Input records
--------------------------------------------------
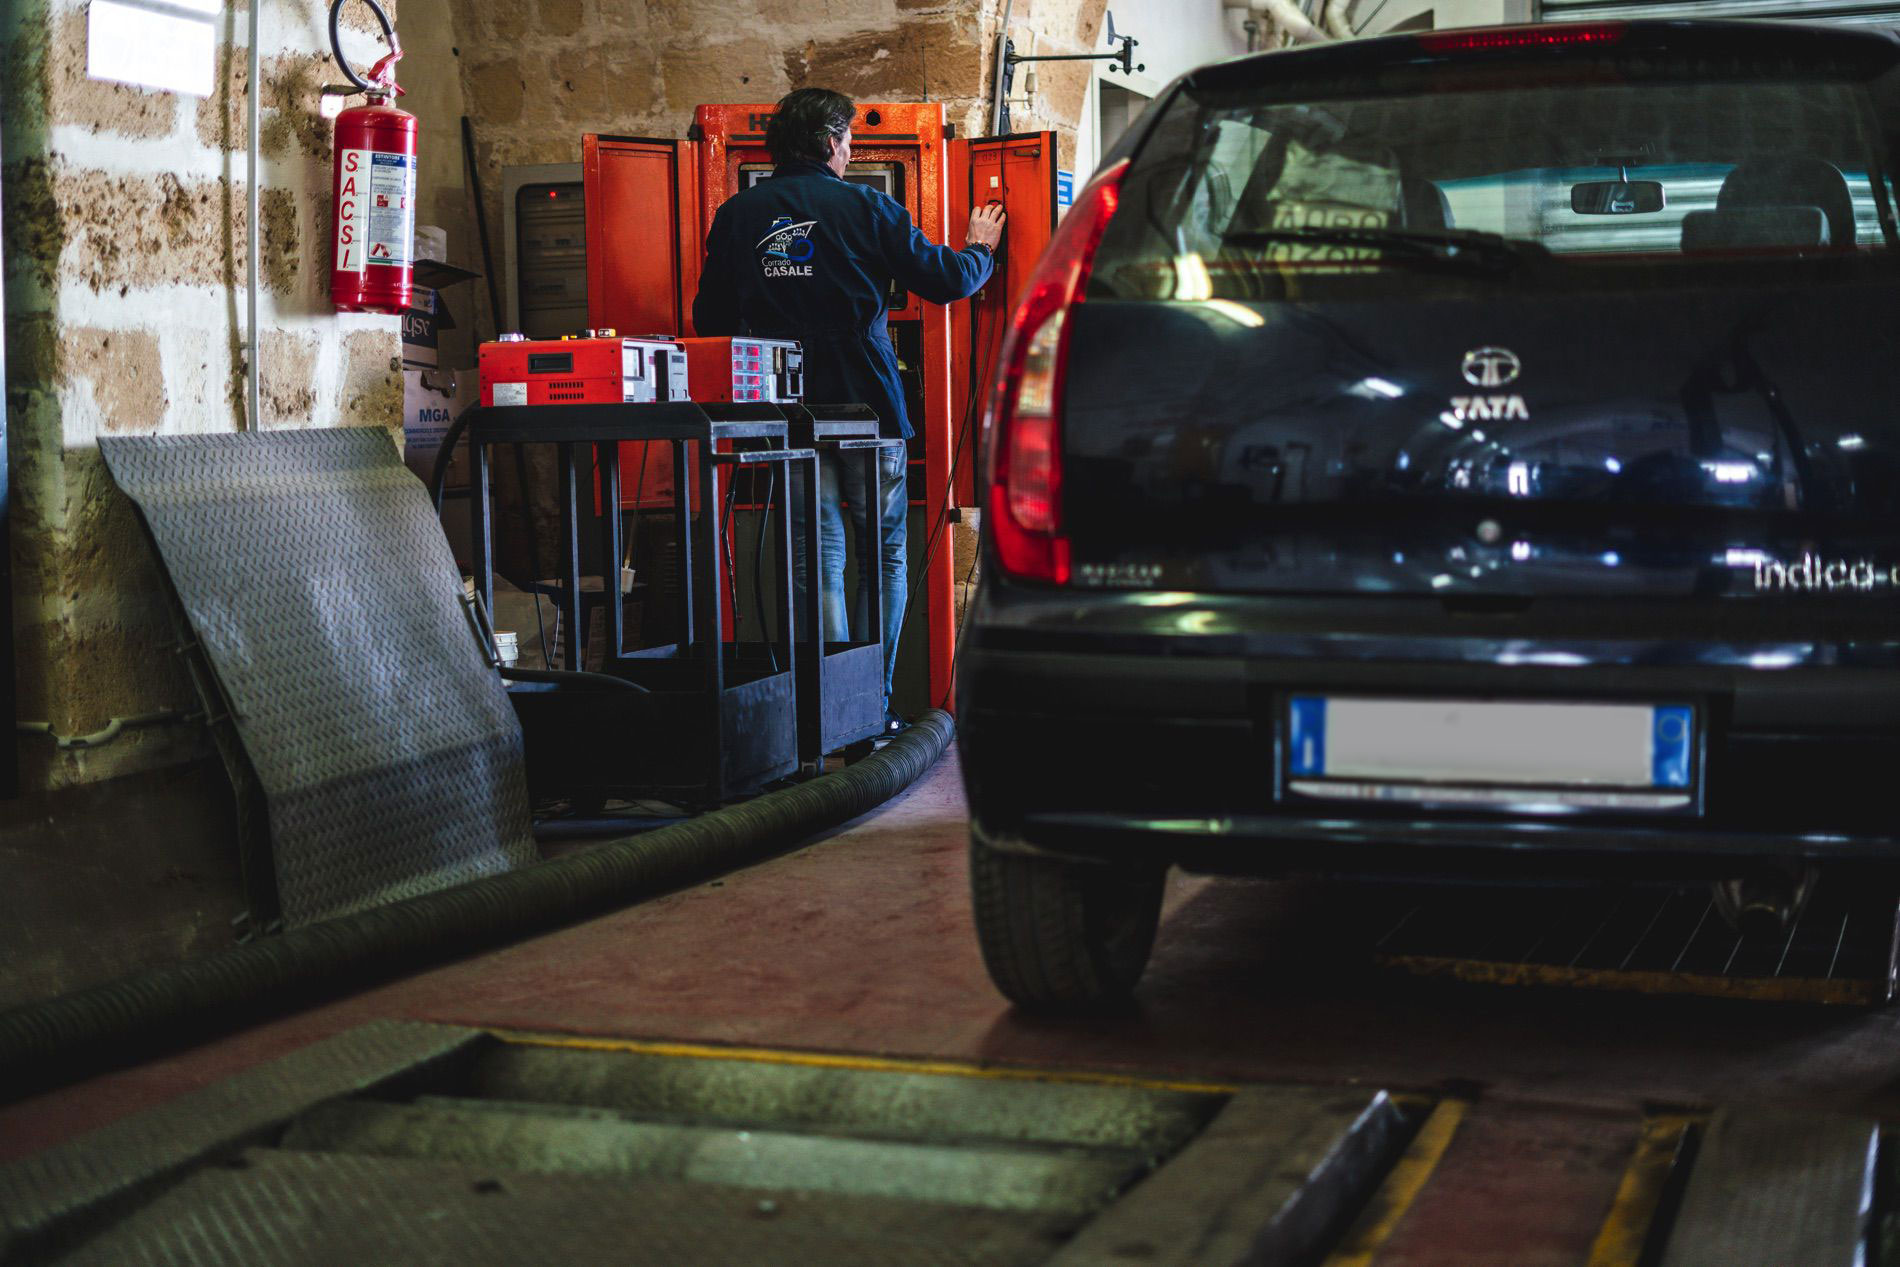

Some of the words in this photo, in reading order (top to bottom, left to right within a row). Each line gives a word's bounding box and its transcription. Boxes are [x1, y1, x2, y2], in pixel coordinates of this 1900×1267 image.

[761, 257, 792, 267] Corrado
[764, 265, 814, 277] CASALE
[1450, 396, 1529, 420] TATA
[418, 408, 450, 422] MGA
--------------------------------------------------
What the task requires
Only an exact copy of the records counts as an answer. Leave out the images.

Problem solution
Some of the words in this photo, in reading order (top to bottom, left to right within a row). Each line gives a word's bounding box and its transcription. Boxes are [x1, y1, x2, y2], in pixel coordinates of this 1900×1267 image.

[761, 257, 792, 267] Corrado
[764, 265, 814, 277] CASALE
[1450, 396, 1529, 420] TATA
[418, 408, 450, 422] MGA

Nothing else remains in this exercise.